Text-to-region grounding data:

• • • •

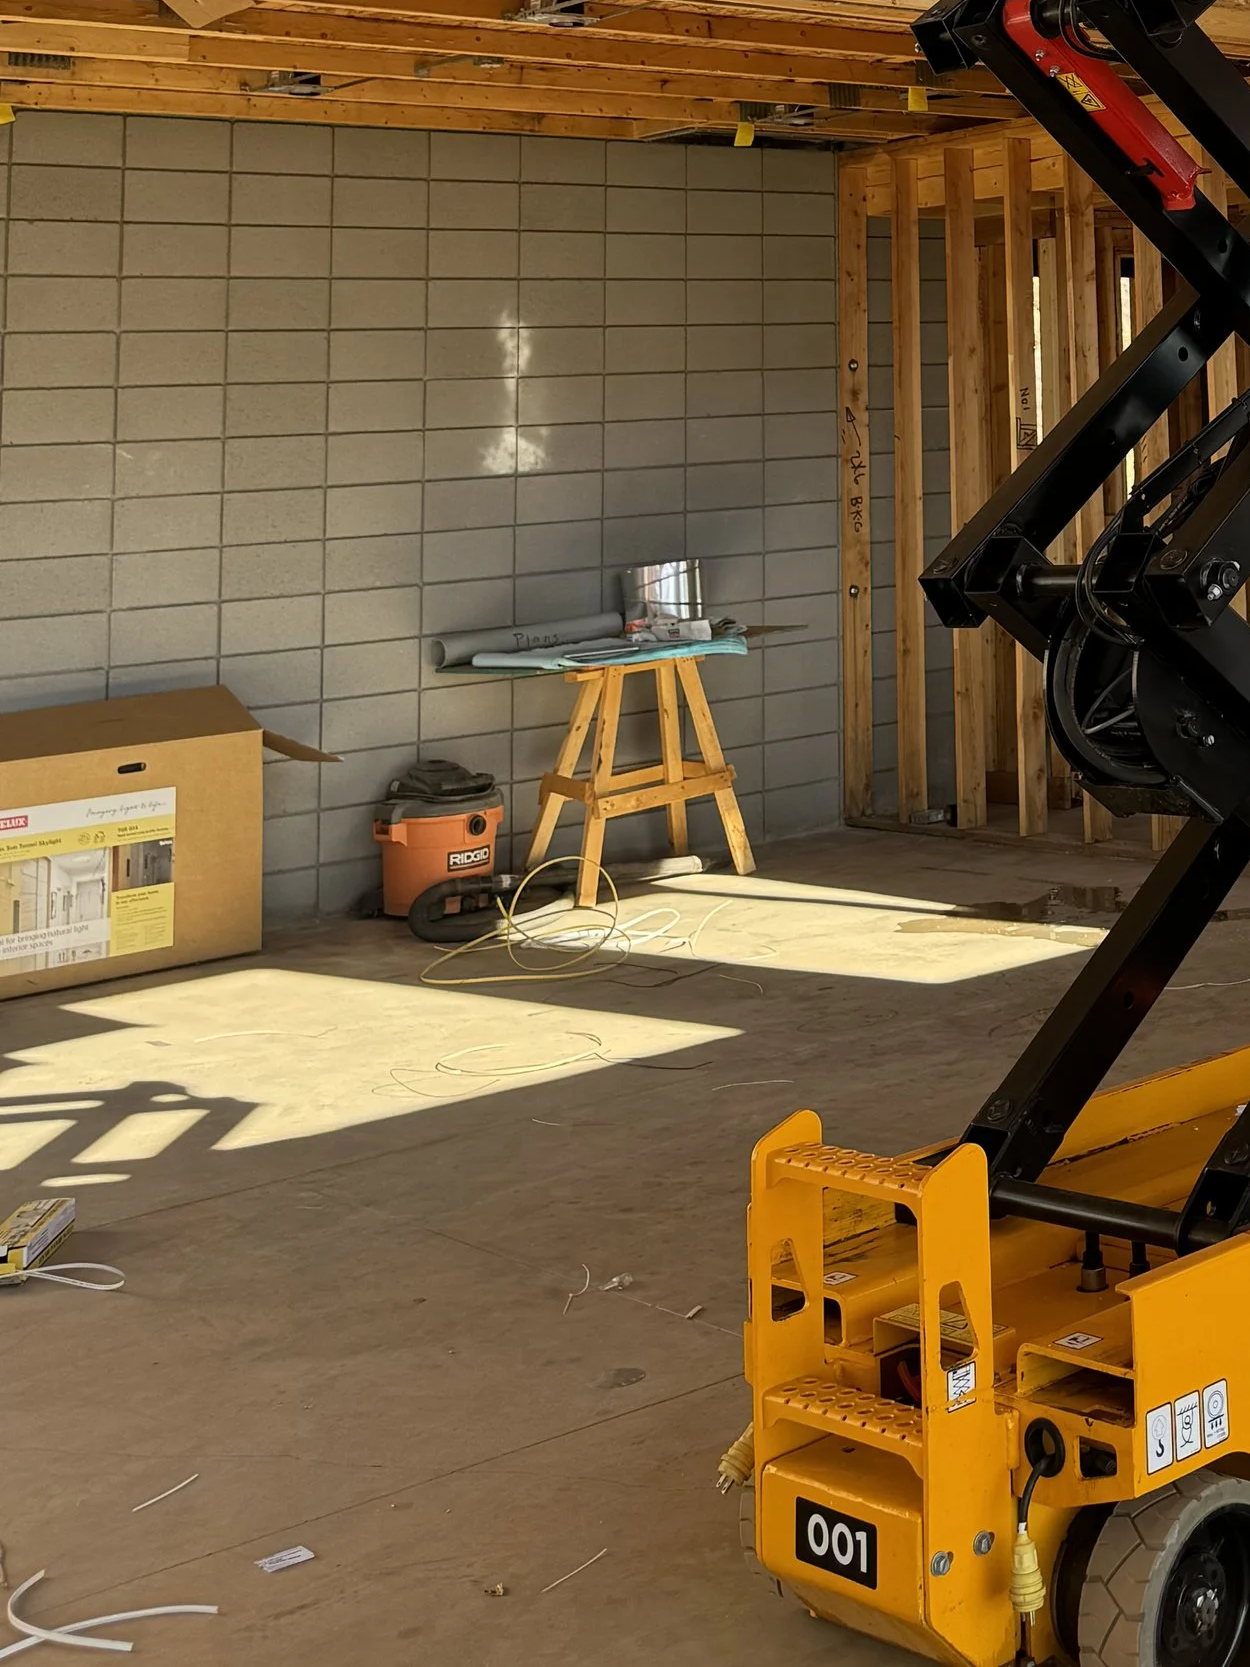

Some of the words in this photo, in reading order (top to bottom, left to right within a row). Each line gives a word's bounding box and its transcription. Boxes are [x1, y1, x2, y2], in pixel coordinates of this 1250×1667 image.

[449, 847, 489, 865] RIDGID
[73, 923, 89, 935] light
[807, 1513, 867, 1573] 001
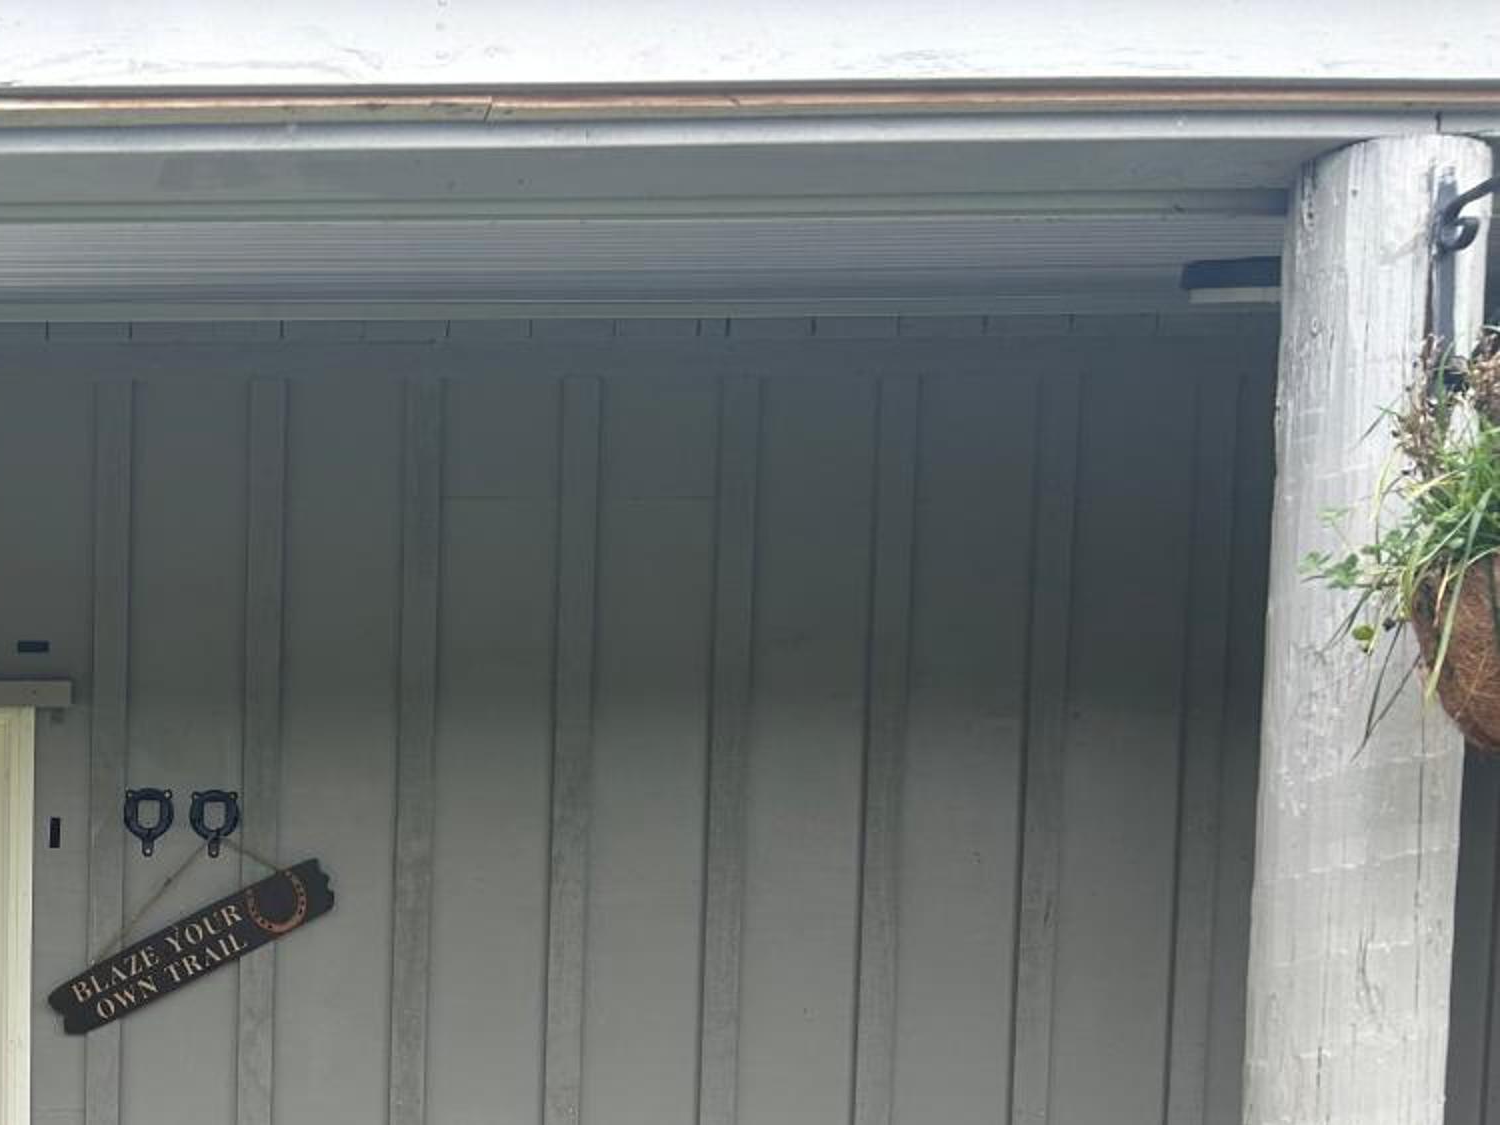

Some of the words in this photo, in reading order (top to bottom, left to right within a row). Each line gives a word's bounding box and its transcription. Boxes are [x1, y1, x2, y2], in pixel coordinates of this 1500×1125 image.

[71, 946, 159, 1003] BLAZE
[164, 904, 242, 953] YOUR
[96, 975, 158, 1020] OWN
[163, 933, 247, 982] TRAIL
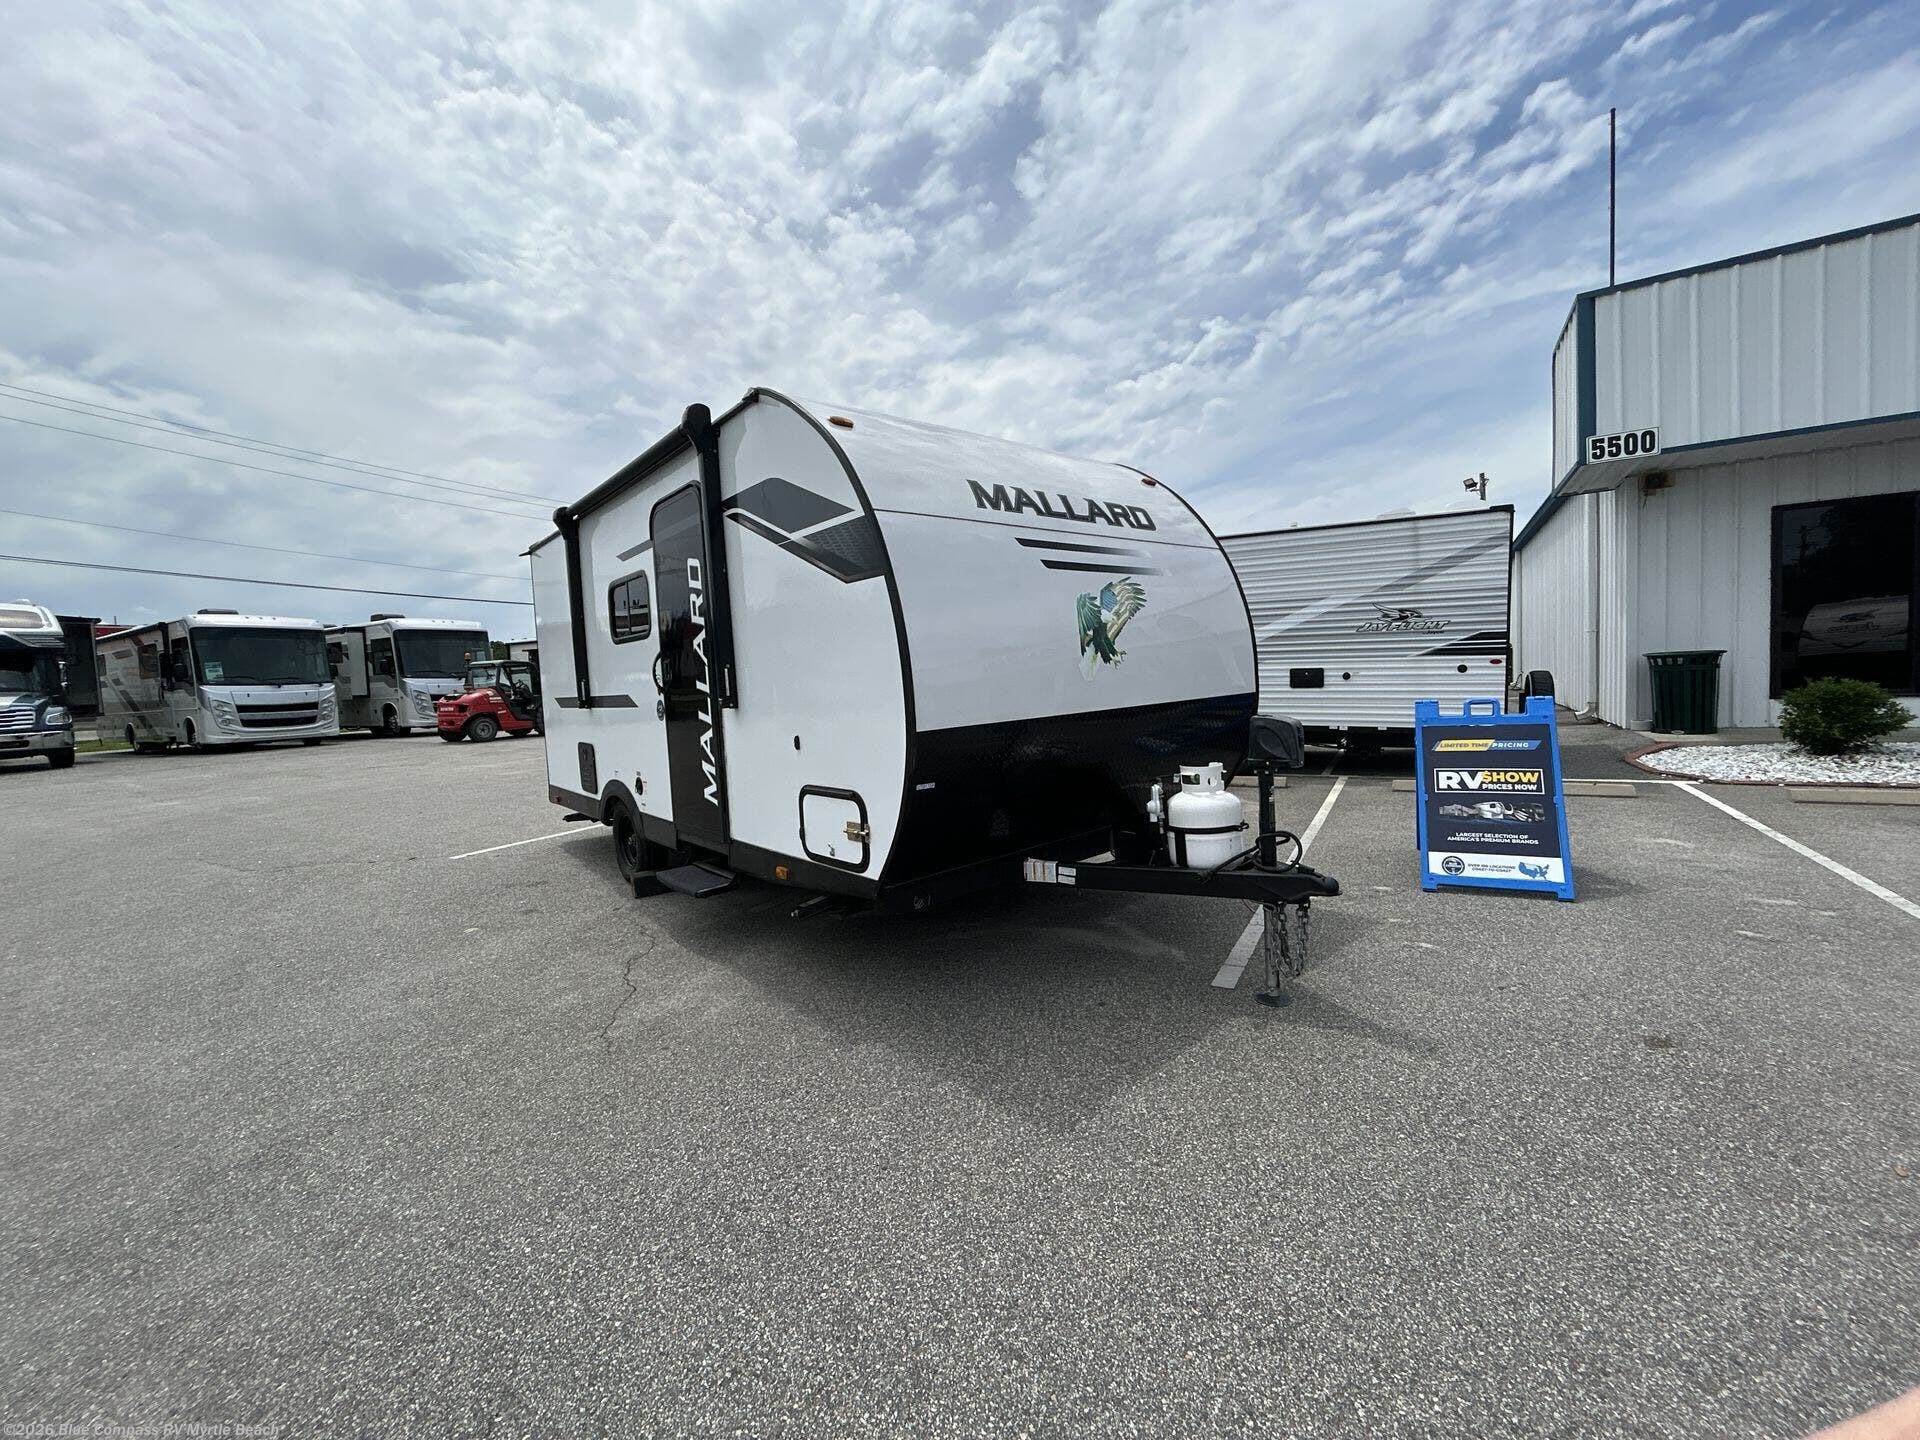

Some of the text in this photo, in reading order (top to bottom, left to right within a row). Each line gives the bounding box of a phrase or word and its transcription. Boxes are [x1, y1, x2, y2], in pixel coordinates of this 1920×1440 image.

[1591, 430, 1656, 460] 5500
[966, 479, 1156, 531] MALLARD
[1356, 620, 1451, 632] JAY FLIGHT
[687, 558, 718, 806] MALLARD
[1438, 771, 1482, 789] RV

• • • •

Please set down the data above exactly as given, leaving every picture out.

→ **Output of the exercise**:
Some of the words in this photo, in reading order (top to bottom, left to right within a row). Each line gives a word's bounding box and its transcription. Boxes are [x1, y1, x2, y2], in pixel coordinates of this 1250×1667 image.

[449, 847, 489, 865] RIDGID
[73, 923, 89, 935] light
[807, 1513, 867, 1573] 001

Some of the words in this photo, in reading order (top to bottom, left to right within a row). Each line gives a word's bounding box and its transcription. Boxes are [x1, y1, x2, y2], in pixel coordinates of this 1500×1125 image.

[71, 946, 159, 1003] BLAZE
[164, 904, 242, 953] YOUR
[96, 975, 158, 1020] OWN
[163, 933, 247, 982] TRAIL

Some of the text in this photo, in reading order (top to bottom, left to right within a row). Each line gives the bounding box of a phrase or word and its transcription. Boxes are [x1, y1, x2, y2], in pixel coordinates of this 1920×1440 image.

[1591, 430, 1656, 460] 5500
[966, 479, 1156, 531] MALLARD
[1356, 620, 1451, 632] JAY FLIGHT
[687, 558, 718, 806] MALLARD
[1438, 771, 1482, 789] RV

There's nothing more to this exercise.